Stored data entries
----------

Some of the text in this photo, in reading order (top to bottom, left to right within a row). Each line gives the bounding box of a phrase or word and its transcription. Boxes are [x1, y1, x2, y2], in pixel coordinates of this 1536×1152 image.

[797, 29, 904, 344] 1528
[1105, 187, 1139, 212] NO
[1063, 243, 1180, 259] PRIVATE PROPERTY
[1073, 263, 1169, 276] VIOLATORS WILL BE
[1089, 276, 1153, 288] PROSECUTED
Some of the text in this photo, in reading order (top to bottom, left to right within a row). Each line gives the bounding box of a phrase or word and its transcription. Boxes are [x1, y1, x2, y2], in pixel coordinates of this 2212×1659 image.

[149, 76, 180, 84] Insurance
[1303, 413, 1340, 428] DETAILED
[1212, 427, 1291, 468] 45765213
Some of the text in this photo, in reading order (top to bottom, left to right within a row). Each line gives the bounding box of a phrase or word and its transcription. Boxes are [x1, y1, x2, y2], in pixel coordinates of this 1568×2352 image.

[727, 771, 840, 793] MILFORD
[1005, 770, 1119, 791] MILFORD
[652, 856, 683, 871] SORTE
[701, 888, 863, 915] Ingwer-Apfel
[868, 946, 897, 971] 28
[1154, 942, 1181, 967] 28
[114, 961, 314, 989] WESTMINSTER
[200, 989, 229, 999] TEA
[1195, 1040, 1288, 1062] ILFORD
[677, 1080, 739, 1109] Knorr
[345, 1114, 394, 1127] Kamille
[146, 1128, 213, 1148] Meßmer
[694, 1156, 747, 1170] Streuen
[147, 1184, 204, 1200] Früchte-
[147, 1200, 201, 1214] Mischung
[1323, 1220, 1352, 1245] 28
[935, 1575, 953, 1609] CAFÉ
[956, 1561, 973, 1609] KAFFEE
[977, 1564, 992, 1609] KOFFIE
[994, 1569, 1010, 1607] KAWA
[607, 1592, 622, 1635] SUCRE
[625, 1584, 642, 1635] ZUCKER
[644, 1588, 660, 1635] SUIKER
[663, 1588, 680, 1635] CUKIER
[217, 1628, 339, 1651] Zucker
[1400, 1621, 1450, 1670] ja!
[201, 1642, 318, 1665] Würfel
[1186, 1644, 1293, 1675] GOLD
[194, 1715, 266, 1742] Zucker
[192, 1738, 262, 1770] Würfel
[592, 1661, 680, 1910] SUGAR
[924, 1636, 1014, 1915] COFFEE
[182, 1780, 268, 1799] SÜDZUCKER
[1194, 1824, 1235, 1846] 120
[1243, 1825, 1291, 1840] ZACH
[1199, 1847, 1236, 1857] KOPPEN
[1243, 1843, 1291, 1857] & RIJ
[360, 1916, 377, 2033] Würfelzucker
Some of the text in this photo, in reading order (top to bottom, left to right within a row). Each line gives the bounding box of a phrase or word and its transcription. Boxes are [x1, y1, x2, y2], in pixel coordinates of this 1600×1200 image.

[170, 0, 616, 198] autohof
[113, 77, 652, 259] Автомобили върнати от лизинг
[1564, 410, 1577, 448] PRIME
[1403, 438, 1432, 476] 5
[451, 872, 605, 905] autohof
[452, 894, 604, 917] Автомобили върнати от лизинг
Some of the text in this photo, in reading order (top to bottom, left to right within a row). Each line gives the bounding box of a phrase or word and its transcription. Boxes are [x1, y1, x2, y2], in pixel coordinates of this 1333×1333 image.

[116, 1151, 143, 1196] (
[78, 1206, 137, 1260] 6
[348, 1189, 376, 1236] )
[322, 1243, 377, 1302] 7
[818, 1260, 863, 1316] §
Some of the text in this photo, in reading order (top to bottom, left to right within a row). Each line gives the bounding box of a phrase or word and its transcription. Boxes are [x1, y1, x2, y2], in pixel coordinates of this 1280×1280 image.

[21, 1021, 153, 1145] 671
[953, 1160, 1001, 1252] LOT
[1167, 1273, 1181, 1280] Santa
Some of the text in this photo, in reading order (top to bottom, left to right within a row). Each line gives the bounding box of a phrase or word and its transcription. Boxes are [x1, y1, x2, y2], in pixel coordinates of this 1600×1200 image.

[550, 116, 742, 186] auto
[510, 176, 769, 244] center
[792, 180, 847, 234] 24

----------

[Problem details]: Please return, exactly as written, the line containing "this 1333×1333 image." and every line after it through the end of the records above, and nothing else.

[Your response]:
Some of the text in this photo, in reading order (top to bottom, left to right within a row). Each line gives the bounding box of a phrase or word and its transcription. Boxes are [x1, y1, x2, y2], in pixel coordinates of this 1333×1333 image.

[116, 1151, 143, 1196] (
[78, 1206, 137, 1260] 6
[348, 1189, 376, 1236] )
[322, 1243, 377, 1302] 7
[818, 1260, 863, 1316] §
Some of the text in this photo, in reading order (top to bottom, left to right within a row). Each line gives the bounding box of a phrase or word and its transcription. Boxes are [x1, y1, x2, y2], in pixel coordinates of this 1280×1280 image.

[21, 1021, 153, 1145] 671
[953, 1160, 1001, 1252] LOT
[1167, 1273, 1181, 1280] Santa
Some of the text in this photo, in reading order (top to bottom, left to right within a row). Each line gives the bounding box of a phrase or word and its transcription. Boxes are [x1, y1, x2, y2], in pixel coordinates of this 1600×1200 image.

[550, 116, 742, 186] auto
[510, 176, 769, 244] center
[792, 180, 847, 234] 24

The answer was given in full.